[Description of the task]:
Reproduce every record exactly.
(Available data Opens)
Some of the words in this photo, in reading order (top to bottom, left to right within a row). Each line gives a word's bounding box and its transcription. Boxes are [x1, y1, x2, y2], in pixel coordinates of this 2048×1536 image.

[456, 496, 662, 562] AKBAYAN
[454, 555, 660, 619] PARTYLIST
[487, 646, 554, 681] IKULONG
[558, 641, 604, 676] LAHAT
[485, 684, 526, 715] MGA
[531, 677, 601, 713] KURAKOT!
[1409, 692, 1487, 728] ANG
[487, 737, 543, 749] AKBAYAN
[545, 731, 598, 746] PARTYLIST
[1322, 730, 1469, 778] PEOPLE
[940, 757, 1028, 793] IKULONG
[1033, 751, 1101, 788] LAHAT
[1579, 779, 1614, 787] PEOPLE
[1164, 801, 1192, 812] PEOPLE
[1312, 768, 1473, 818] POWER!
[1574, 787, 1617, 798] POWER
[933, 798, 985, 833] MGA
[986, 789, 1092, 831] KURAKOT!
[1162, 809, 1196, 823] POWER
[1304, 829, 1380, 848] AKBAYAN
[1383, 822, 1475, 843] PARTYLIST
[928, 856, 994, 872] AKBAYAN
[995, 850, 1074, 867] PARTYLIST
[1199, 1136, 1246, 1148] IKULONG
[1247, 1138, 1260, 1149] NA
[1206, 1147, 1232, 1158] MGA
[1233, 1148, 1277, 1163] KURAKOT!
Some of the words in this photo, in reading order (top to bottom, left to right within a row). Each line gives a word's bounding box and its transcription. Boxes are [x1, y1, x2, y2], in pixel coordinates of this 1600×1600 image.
(Available data Closes)
[Result]:
Some of the words in this photo, in reading order (top to bottom, left to right within a row). Each line gives a word's bounding box and its transcription. Boxes are [x1, y1, x2, y2], in pixel coordinates of this 2048×1536 image.

[456, 496, 662, 562] AKBAYAN
[454, 555, 660, 619] PARTYLIST
[487, 646, 554, 681] IKULONG
[558, 641, 604, 676] LAHAT
[485, 684, 526, 715] MGA
[531, 677, 601, 713] KURAKOT!
[1409, 692, 1487, 728] ANG
[487, 737, 543, 749] AKBAYAN
[545, 731, 598, 746] PARTYLIST
[1322, 730, 1469, 778] PEOPLE
[940, 757, 1028, 793] IKULONG
[1033, 751, 1101, 788] LAHAT
[1579, 779, 1614, 787] PEOPLE
[1164, 801, 1192, 812] PEOPLE
[1312, 768, 1473, 818] POWER!
[1574, 787, 1617, 798] POWER
[933, 798, 985, 833] MGA
[986, 789, 1092, 831] KURAKOT!
[1162, 809, 1196, 823] POWER
[1304, 829, 1380, 848] AKBAYAN
[1383, 822, 1475, 843] PARTYLIST
[928, 856, 994, 872] AKBAYAN
[995, 850, 1074, 867] PARTYLIST
[1199, 1136, 1246, 1148] IKULONG
[1247, 1138, 1260, 1149] NA
[1206, 1147, 1232, 1158] MGA
[1233, 1148, 1277, 1163] KURAKOT!
Some of the words in this photo, in reading order (top to bottom, left to right within a row). Each line gives a word's bounding box and its transcription. Boxes are [x1, y1, x2, y2], in pixel coordinates of this 1600×1600 image.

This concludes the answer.